Work order: If an entry below contains an image, drop the image and retype the rest exactly.
========
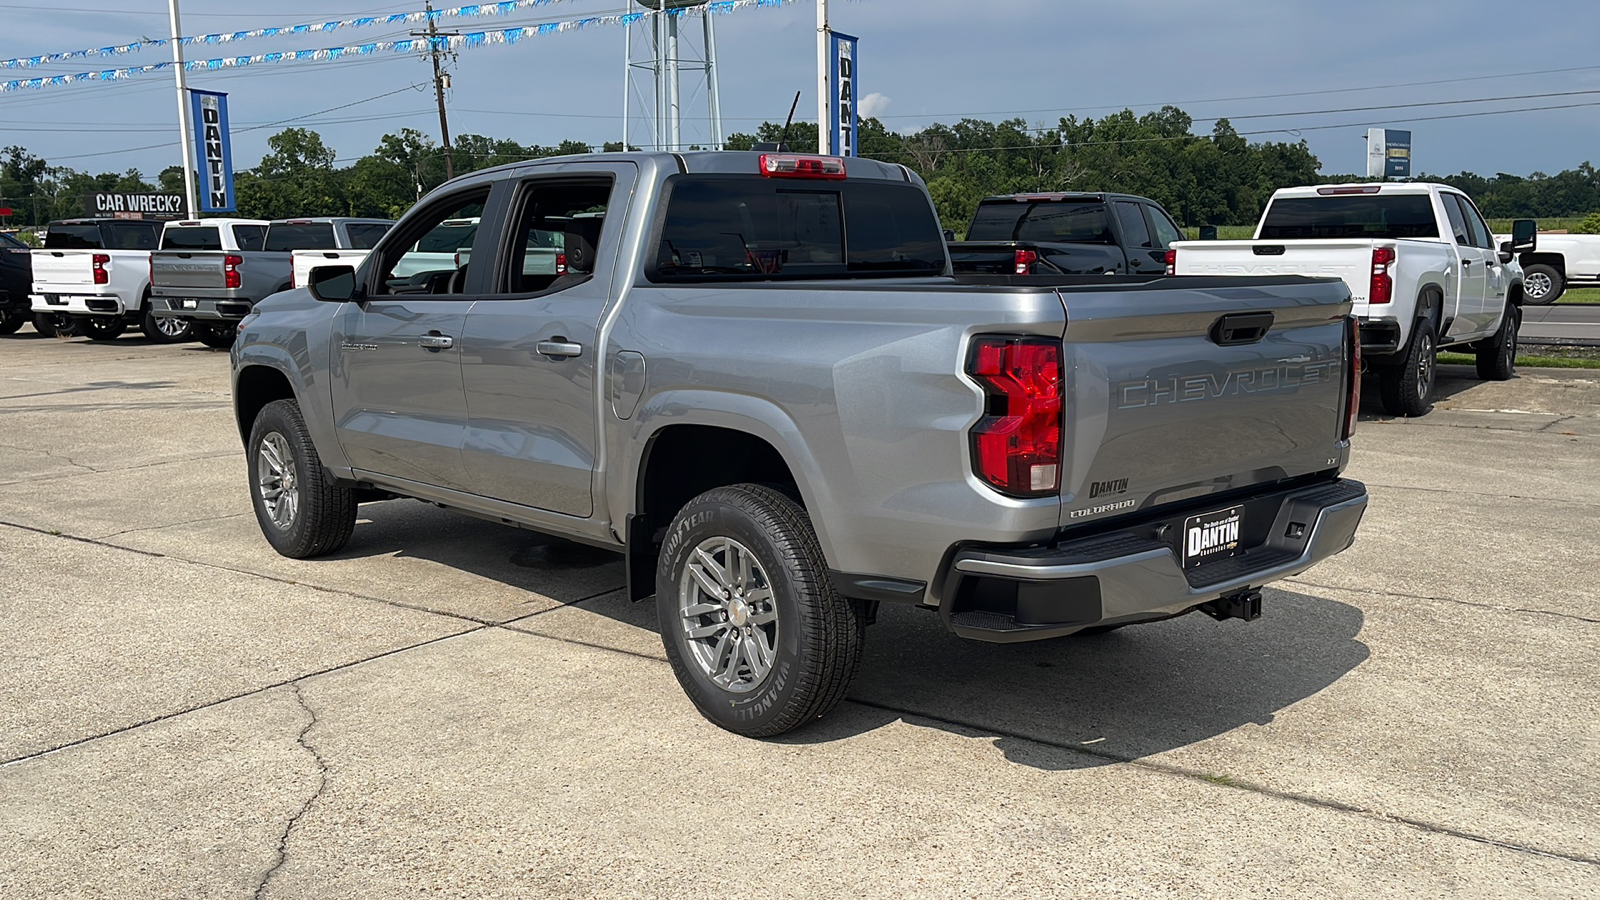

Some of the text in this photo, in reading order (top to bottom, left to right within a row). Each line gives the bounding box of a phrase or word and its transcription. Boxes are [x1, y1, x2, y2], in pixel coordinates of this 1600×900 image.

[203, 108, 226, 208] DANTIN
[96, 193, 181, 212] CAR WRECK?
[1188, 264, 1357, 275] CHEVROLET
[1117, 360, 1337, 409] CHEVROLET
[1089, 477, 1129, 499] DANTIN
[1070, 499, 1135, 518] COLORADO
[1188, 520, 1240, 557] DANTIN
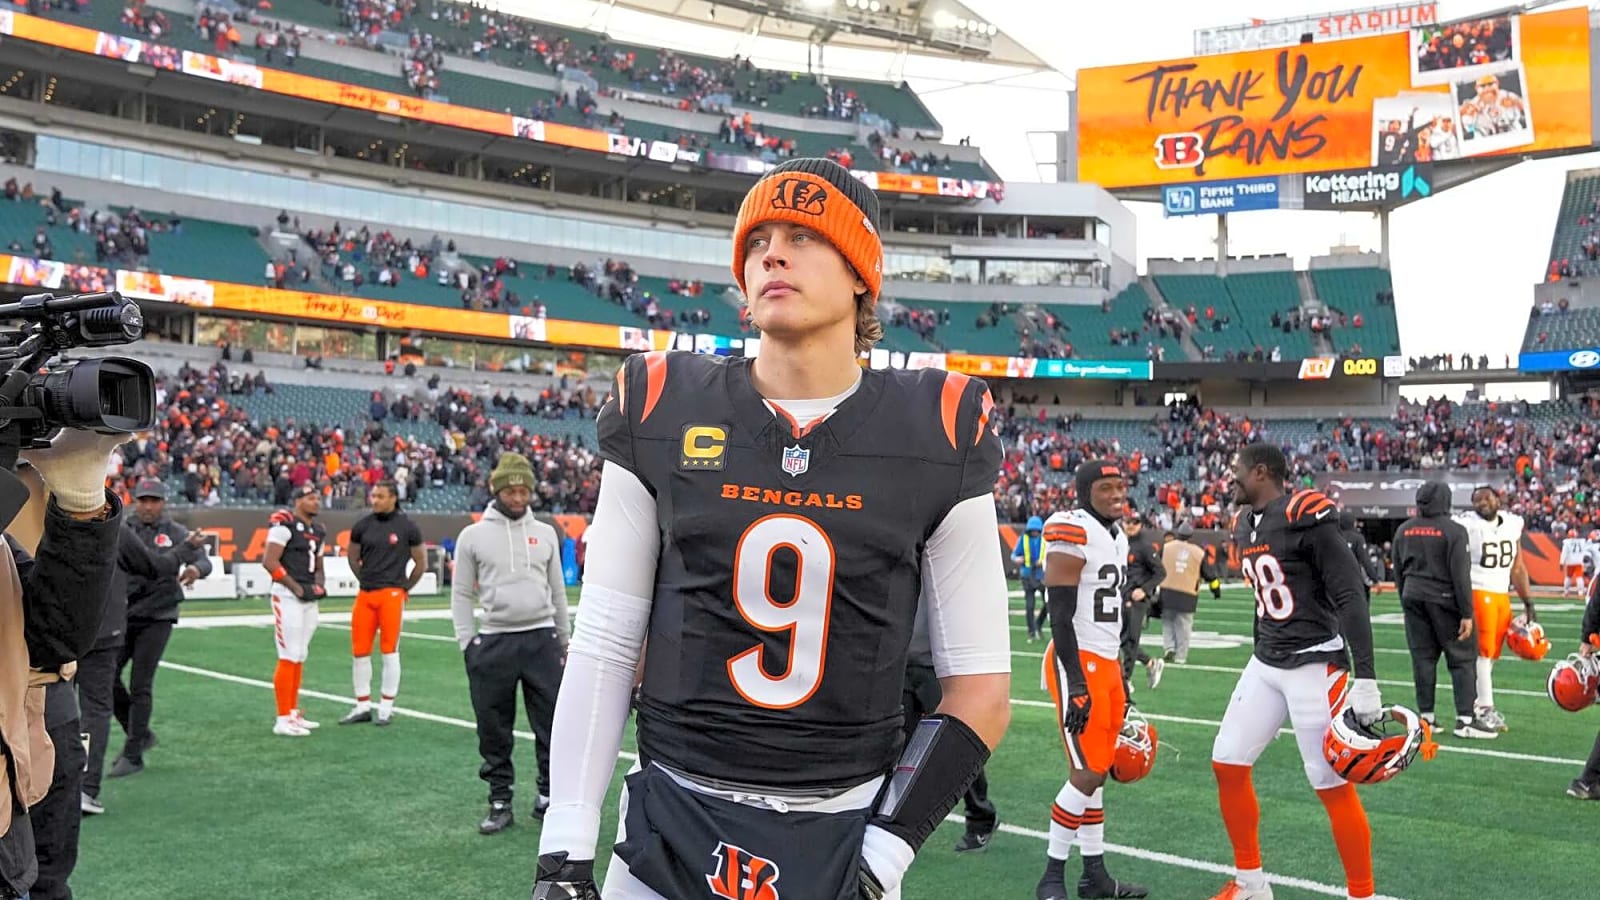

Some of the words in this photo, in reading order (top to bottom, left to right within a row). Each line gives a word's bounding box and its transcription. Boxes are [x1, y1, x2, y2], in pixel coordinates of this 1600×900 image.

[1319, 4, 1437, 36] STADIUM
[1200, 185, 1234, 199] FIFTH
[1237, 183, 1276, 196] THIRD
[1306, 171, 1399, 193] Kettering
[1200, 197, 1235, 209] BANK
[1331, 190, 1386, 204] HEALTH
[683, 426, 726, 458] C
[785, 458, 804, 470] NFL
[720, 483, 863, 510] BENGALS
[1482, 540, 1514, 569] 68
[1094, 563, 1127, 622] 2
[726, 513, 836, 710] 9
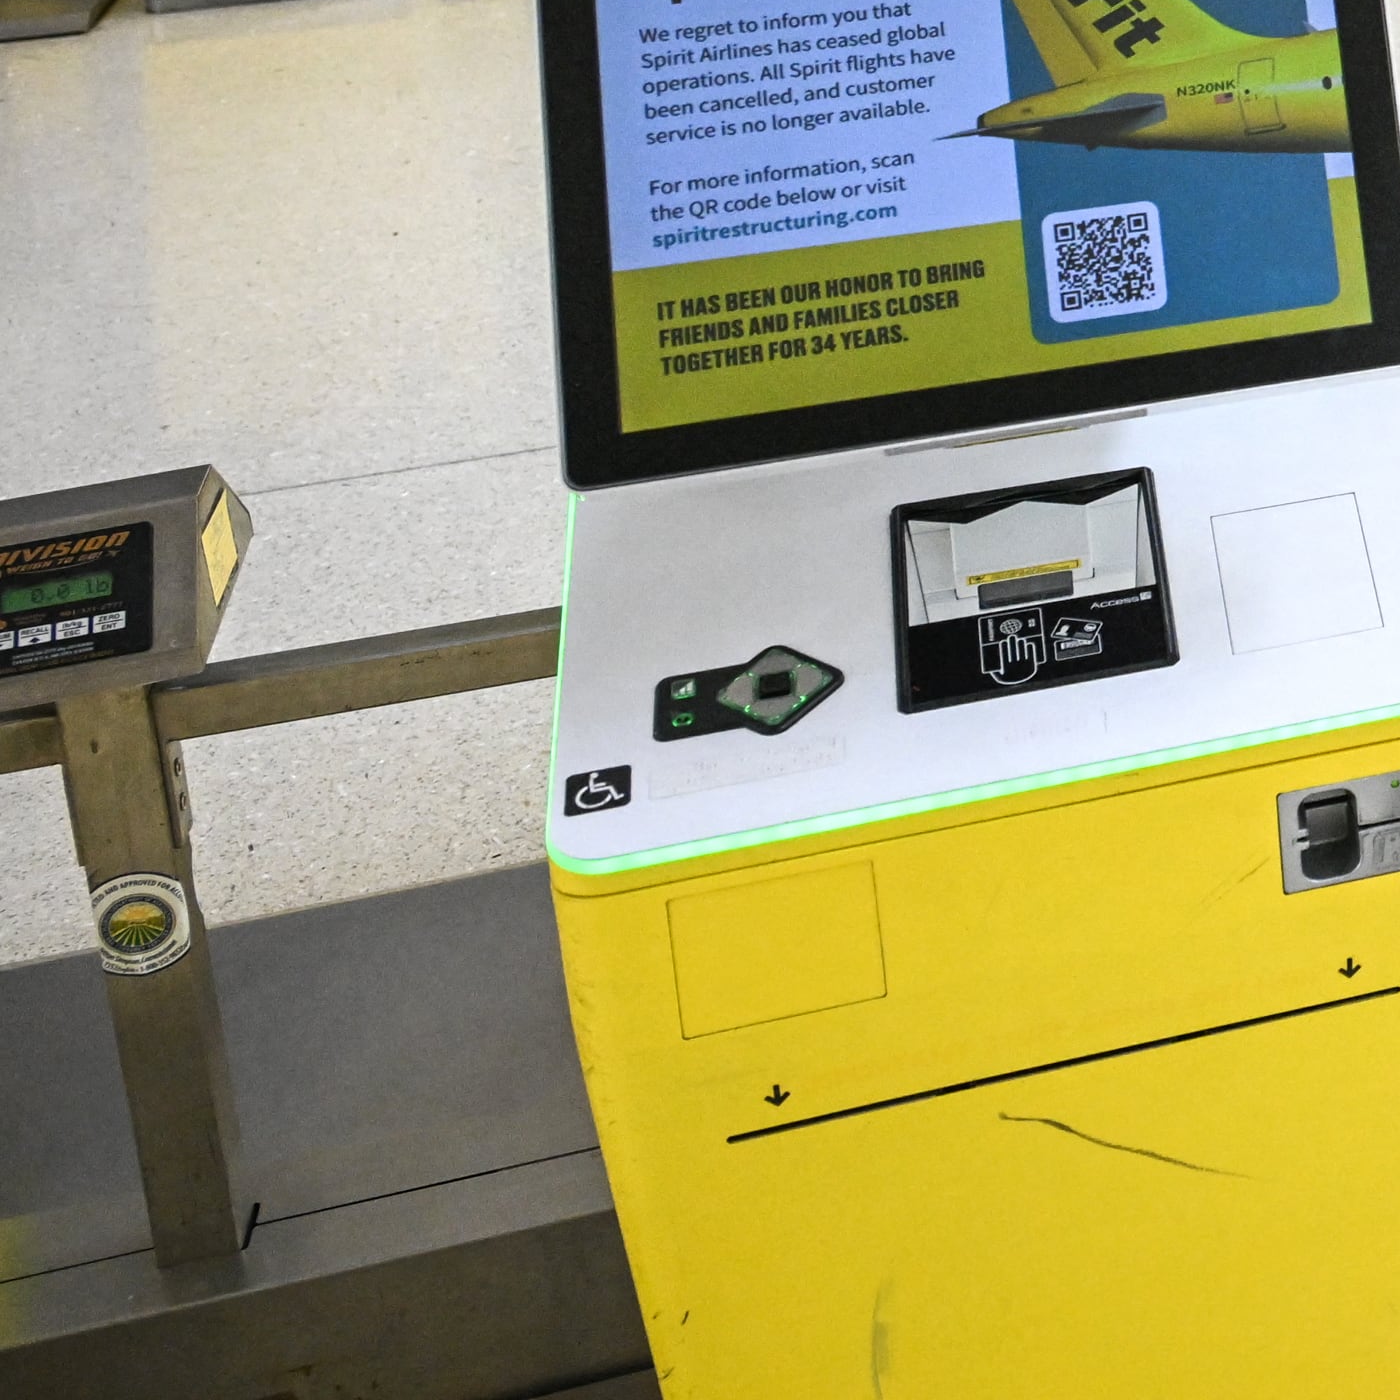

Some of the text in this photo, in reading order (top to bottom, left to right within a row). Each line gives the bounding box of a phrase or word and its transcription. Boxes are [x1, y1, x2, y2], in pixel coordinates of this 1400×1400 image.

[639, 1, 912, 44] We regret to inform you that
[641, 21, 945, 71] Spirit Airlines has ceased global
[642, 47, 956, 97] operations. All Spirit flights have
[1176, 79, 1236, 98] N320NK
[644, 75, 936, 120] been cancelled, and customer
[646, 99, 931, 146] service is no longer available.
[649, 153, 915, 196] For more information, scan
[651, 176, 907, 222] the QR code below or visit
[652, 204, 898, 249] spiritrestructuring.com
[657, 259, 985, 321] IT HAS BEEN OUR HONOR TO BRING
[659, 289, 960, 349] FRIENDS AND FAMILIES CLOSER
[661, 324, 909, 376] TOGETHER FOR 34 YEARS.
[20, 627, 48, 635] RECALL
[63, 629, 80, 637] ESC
========
Finished task:
Some of the text in this photo, in reading order (top to bottom, left to right within a row). Each line gives the bounding box of a phrase or word and its transcription. Boxes are [x1, y1, x2, y2], in pixel coordinates of this 1600×900 image.

[203, 108, 226, 208] DANTIN
[96, 193, 181, 212] CAR WRECK?
[1188, 264, 1357, 275] CHEVROLET
[1117, 360, 1337, 409] CHEVROLET
[1089, 477, 1129, 499] DANTIN
[1070, 499, 1135, 518] COLORADO
[1188, 520, 1240, 557] DANTIN

Some of the words in this photo, in reading order (top to bottom, left to right within a row). Each line gives a word's bounding box and its transcription. Boxes are [x1, y1, x2, y2], in pixel coordinates of this 1600×900 image.

[1319, 4, 1437, 36] STADIUM
[1200, 185, 1234, 199] FIFTH
[1237, 183, 1276, 196] THIRD
[1306, 171, 1399, 193] Kettering
[1200, 197, 1235, 209] BANK
[1331, 190, 1386, 204] HEALTH
[683, 426, 726, 458] C
[785, 458, 804, 470] NFL
[720, 483, 863, 510] BENGALS
[1482, 540, 1514, 569] 68
[1094, 563, 1127, 622] 2
[726, 513, 836, 710] 9

Some of the text in this photo, in reading order (top to bottom, left to right within a row). Each line gives the bounding box of a phrase or word and its transcription. Boxes are [x1, y1, x2, y2], in pixel coordinates of this 1400×1400 image.

[639, 1, 912, 44] We regret to inform you that
[641, 21, 945, 71] Spirit Airlines has ceased global
[642, 47, 956, 97] operations. All Spirit flights have
[1176, 79, 1236, 98] N320NK
[644, 75, 936, 120] been cancelled, and customer
[646, 99, 931, 146] service is no longer available.
[649, 153, 915, 196] For more information, scan
[651, 176, 907, 222] the QR code below or visit
[652, 204, 898, 249] spiritrestructuring.com
[657, 259, 985, 321] IT HAS BEEN OUR HONOR TO BRING
[659, 289, 960, 349] FRIENDS AND FAMILIES CLOSER
[661, 324, 909, 376] TOGETHER FOR 34 YEARS.
[20, 627, 48, 635] RECALL
[63, 629, 80, 637] ESC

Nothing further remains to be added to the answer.